Task description :: Give back the records in full, with every line exactly as it was.
Data supplied section start
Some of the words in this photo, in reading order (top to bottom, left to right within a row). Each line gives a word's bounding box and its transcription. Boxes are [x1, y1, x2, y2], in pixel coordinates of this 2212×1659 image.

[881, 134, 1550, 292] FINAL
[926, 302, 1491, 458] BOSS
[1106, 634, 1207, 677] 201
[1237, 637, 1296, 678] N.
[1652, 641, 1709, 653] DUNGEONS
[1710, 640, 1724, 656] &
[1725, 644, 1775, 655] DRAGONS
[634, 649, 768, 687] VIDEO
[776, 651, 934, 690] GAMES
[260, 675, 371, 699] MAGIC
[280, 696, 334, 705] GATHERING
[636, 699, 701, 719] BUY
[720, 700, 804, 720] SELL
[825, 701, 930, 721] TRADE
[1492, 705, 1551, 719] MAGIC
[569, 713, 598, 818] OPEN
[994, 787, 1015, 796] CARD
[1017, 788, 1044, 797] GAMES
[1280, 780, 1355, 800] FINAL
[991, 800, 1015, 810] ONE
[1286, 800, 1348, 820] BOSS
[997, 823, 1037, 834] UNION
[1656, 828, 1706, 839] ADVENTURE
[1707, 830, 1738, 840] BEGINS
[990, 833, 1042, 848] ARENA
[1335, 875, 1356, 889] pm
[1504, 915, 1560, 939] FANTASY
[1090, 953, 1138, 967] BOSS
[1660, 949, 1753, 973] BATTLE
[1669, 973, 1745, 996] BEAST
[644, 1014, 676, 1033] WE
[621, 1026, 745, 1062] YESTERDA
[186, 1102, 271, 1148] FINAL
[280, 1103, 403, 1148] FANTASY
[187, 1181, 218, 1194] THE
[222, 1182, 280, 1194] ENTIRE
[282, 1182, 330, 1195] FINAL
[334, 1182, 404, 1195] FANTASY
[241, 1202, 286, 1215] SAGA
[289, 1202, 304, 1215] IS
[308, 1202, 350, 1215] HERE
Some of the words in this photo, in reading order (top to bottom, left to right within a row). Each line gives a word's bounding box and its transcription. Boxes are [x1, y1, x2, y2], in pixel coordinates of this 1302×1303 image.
Data supplied section end
Solution for this exercise ::
Some of the words in this photo, in reading order (top to bottom, left to right within a row). Each line gives a word's bounding box and its transcription. Boxes are [x1, y1, x2, y2], in pixel coordinates of this 2212×1659 image.

[881, 134, 1550, 292] FINAL
[926, 302, 1491, 458] BOSS
[1106, 634, 1207, 677] 201
[1237, 637, 1296, 678] N.
[1652, 641, 1709, 653] DUNGEONS
[1710, 640, 1724, 656] &
[1725, 644, 1775, 655] DRAGONS
[634, 649, 768, 687] VIDEO
[776, 651, 934, 690] GAMES
[260, 675, 371, 699] MAGIC
[280, 696, 334, 705] GATHERING
[636, 699, 701, 719] BUY
[720, 700, 804, 720] SELL
[825, 701, 930, 721] TRADE
[1492, 705, 1551, 719] MAGIC
[569, 713, 598, 818] OPEN
[994, 787, 1015, 796] CARD
[1017, 788, 1044, 797] GAMES
[1280, 780, 1355, 800] FINAL
[991, 800, 1015, 810] ONE
[1286, 800, 1348, 820] BOSS
[997, 823, 1037, 834] UNION
[1656, 828, 1706, 839] ADVENTURE
[1707, 830, 1738, 840] BEGINS
[990, 833, 1042, 848] ARENA
[1335, 875, 1356, 889] pm
[1504, 915, 1560, 939] FANTASY
[1090, 953, 1138, 967] BOSS
[1660, 949, 1753, 973] BATTLE
[1669, 973, 1745, 996] BEAST
[644, 1014, 676, 1033] WE
[621, 1026, 745, 1062] YESTERDA
[186, 1102, 271, 1148] FINAL
[280, 1103, 403, 1148] FANTASY
[187, 1181, 218, 1194] THE
[222, 1182, 280, 1194] ENTIRE
[282, 1182, 330, 1195] FINAL
[334, 1182, 404, 1195] FANTASY
[241, 1202, 286, 1215] SAGA
[289, 1202, 304, 1215] IS
[308, 1202, 350, 1215] HERE
Some of the words in this photo, in reading order (top to bottom, left to right within a row). Each line gives a word's bounding box and its transcription. Boxes are [x1, y1, x2, y2], in pixel coordinates of this 1302×1303 image.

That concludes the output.